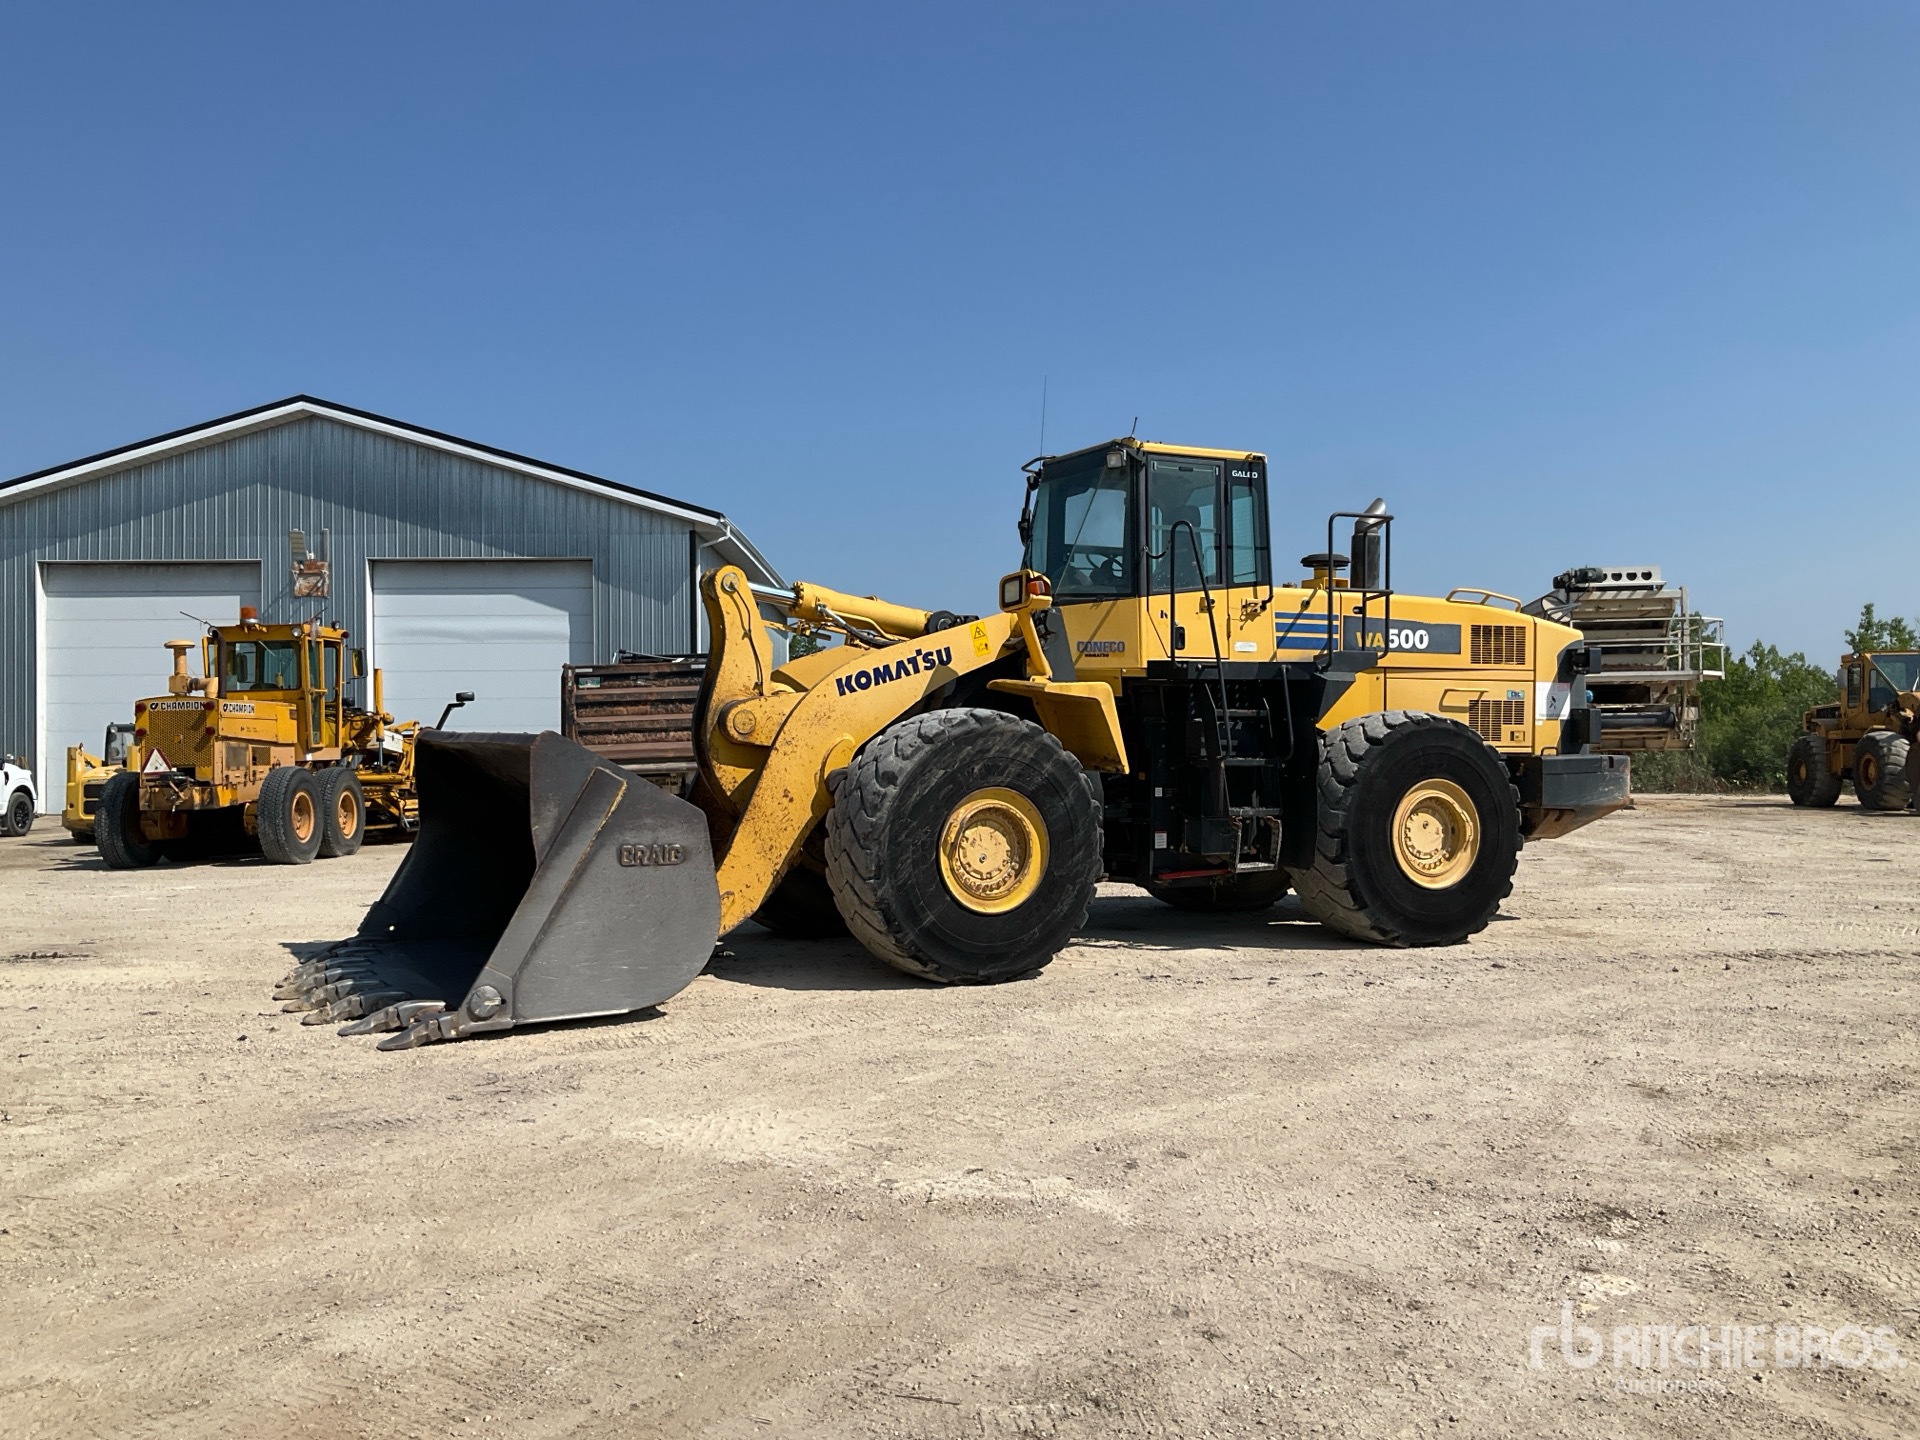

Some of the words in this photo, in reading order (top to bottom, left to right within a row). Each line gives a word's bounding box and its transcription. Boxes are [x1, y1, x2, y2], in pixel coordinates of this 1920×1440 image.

[1076, 641, 1126, 653] CONECO
[835, 646, 953, 697] KOMATSU
[160, 701, 206, 711] CHAMPION
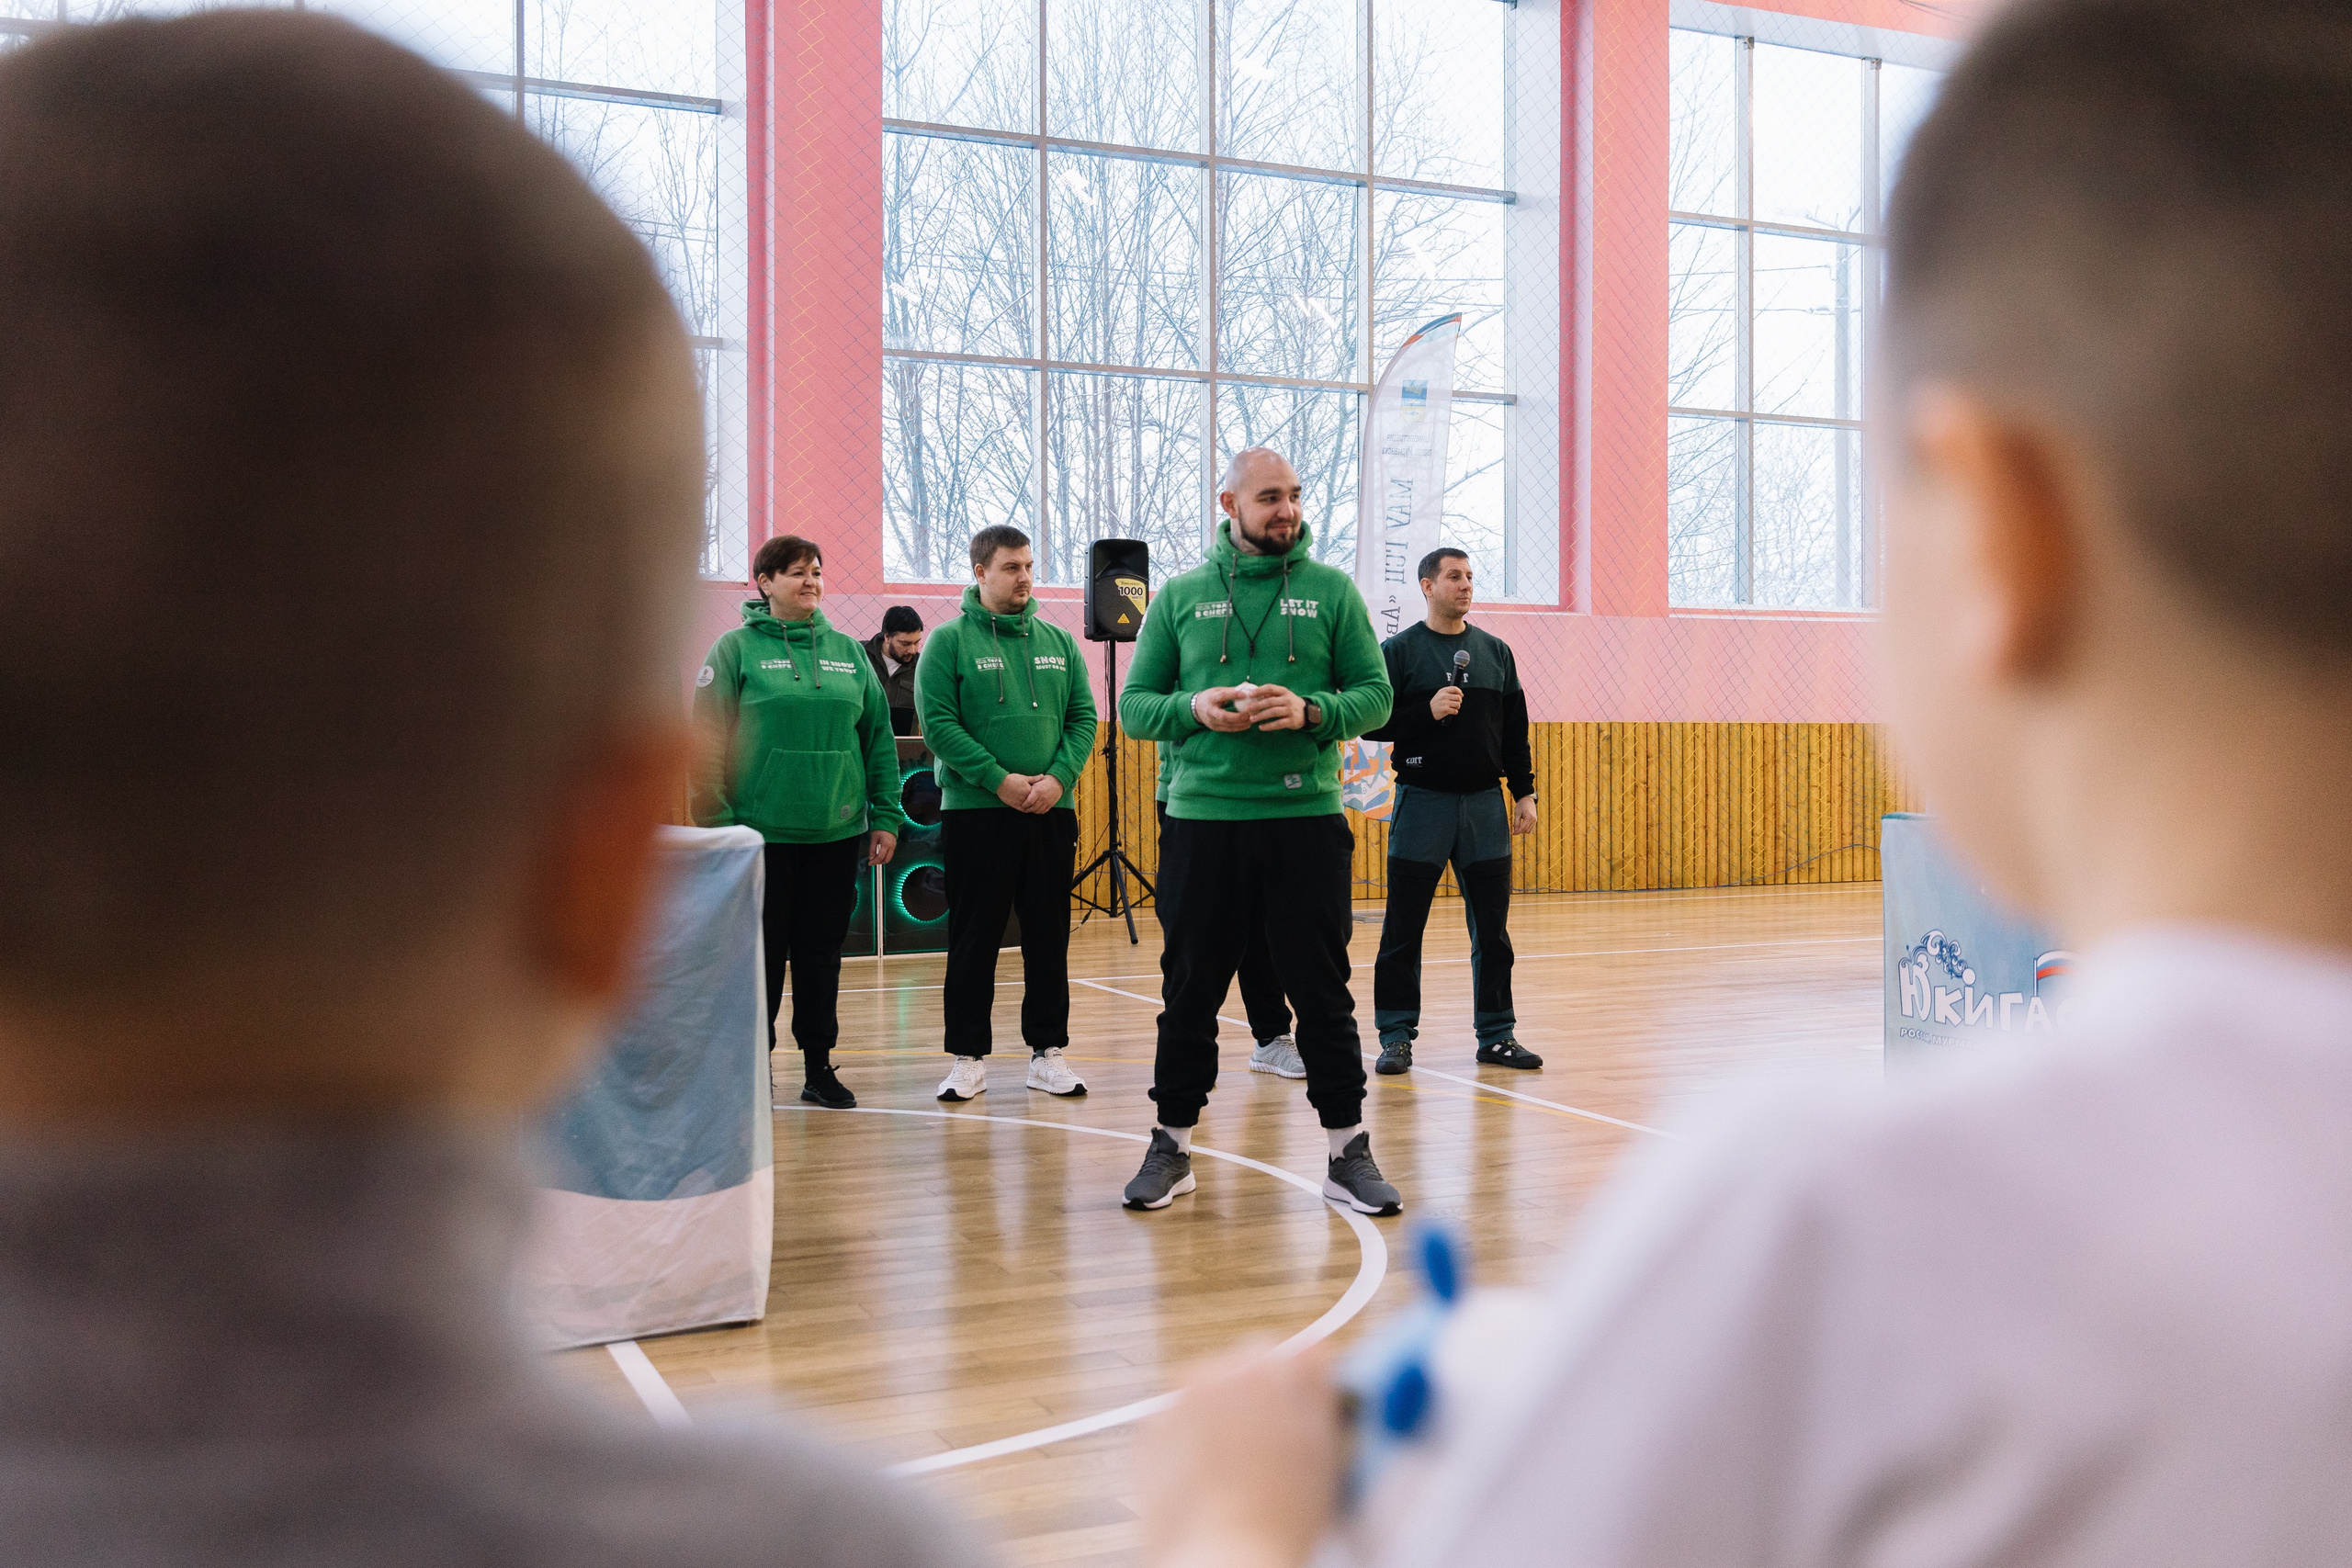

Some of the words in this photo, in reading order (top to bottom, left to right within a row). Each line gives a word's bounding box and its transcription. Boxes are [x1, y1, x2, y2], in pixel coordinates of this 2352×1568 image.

[1118, 586, 1144, 596] 1000
[1280, 598, 1304, 607] LET
[1306, 599, 1319, 609] IT
[1280, 607, 1317, 618] SNOW
[1034, 656, 1066, 666] SNOW
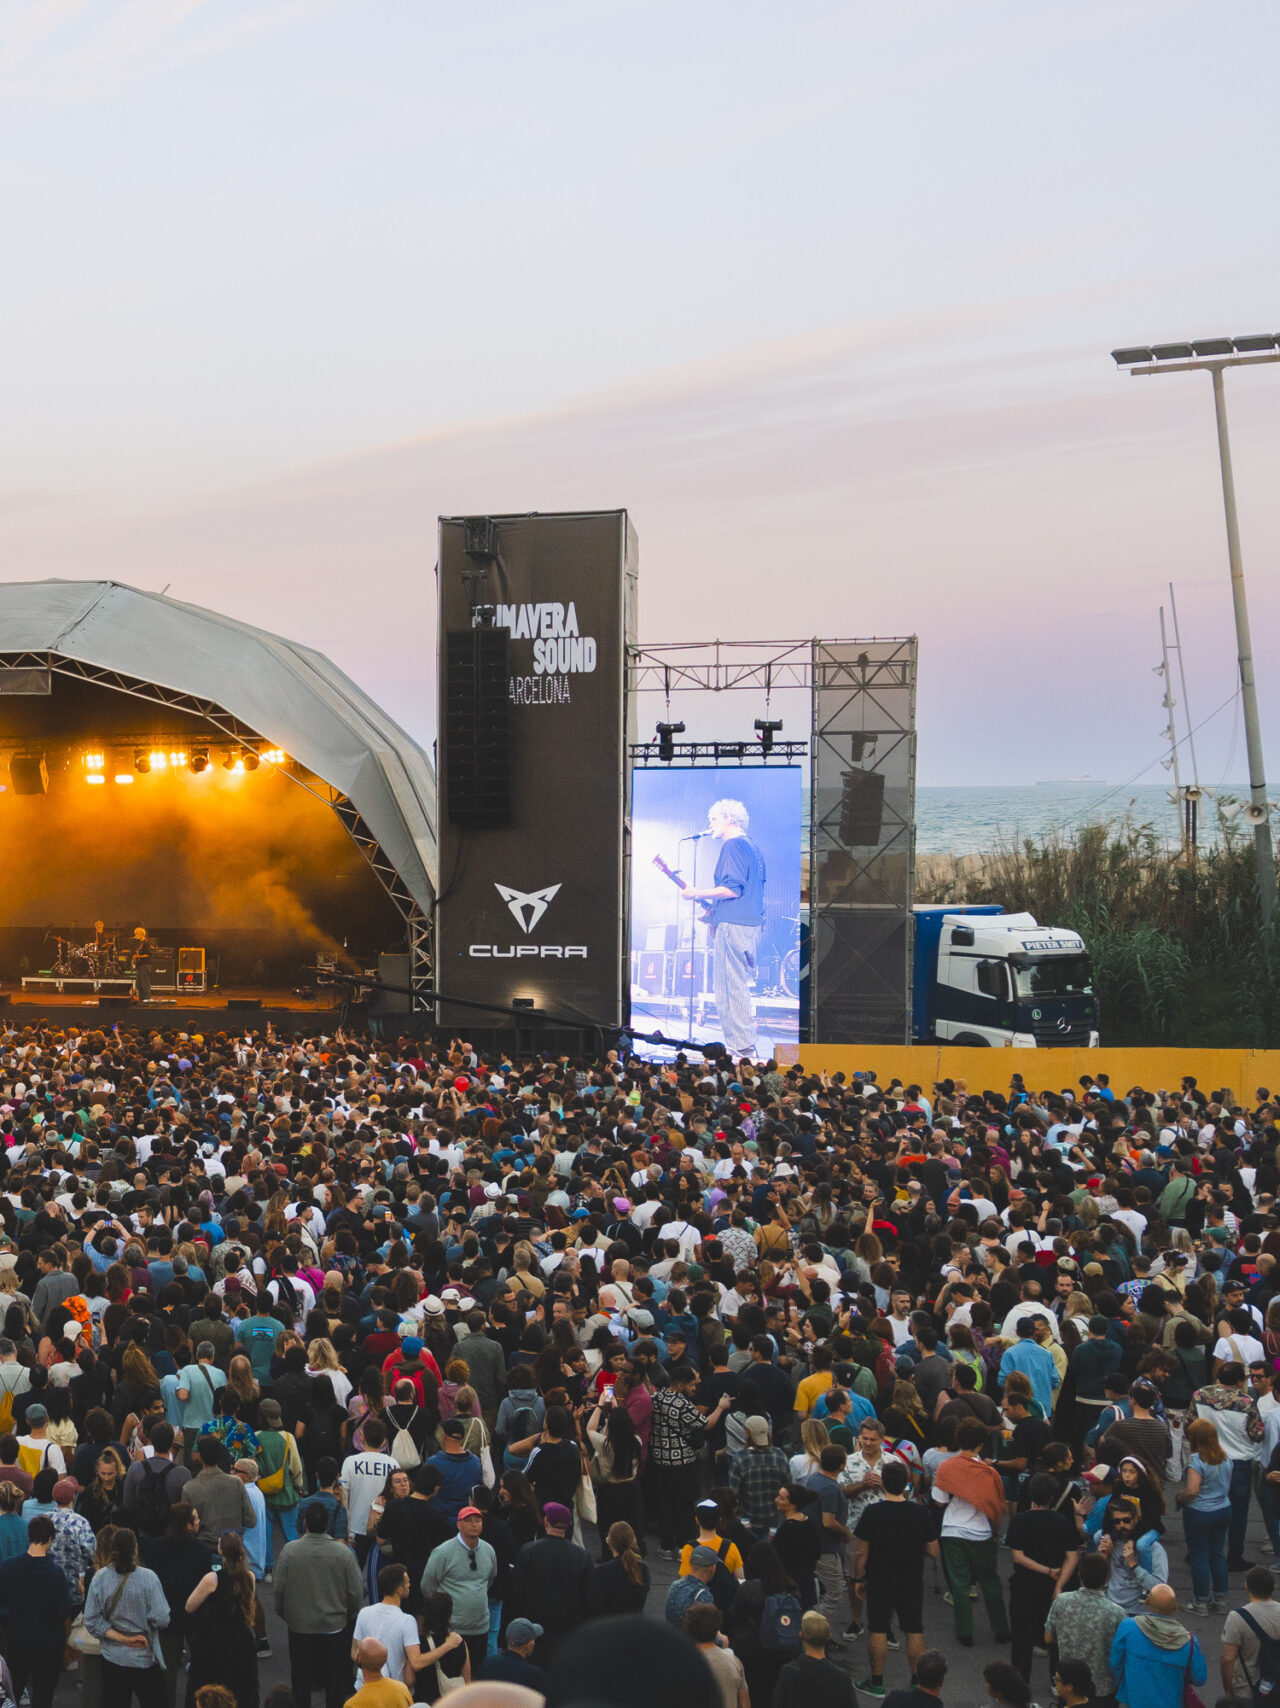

# The problem
Give a verbatim transcription of the entries, leaving out the pictures.

# Exercise result
Some of the words in this photo, in reading order (top to bottom, left to right within a row). Each line gives a word's bounding box and its transcription. Boxes are [x1, y1, x2, y2], in pixel coordinates of this 1920×1440 image.

[1076, 641, 1126, 653] CONECO
[835, 646, 953, 697] KOMATSU
[160, 701, 206, 711] CHAMPION

Some of the words in this photo, in reading order (top to bottom, left to right within a row). Each line gives a word's bounding box and its transcription. Boxes are [x1, y1, x2, y2], in pixel coordinates of this 2352×1568 image.

[1118, 586, 1144, 596] 1000
[1280, 598, 1304, 607] LET
[1306, 599, 1319, 609] IT
[1280, 607, 1317, 618] SNOW
[1034, 656, 1066, 666] SNOW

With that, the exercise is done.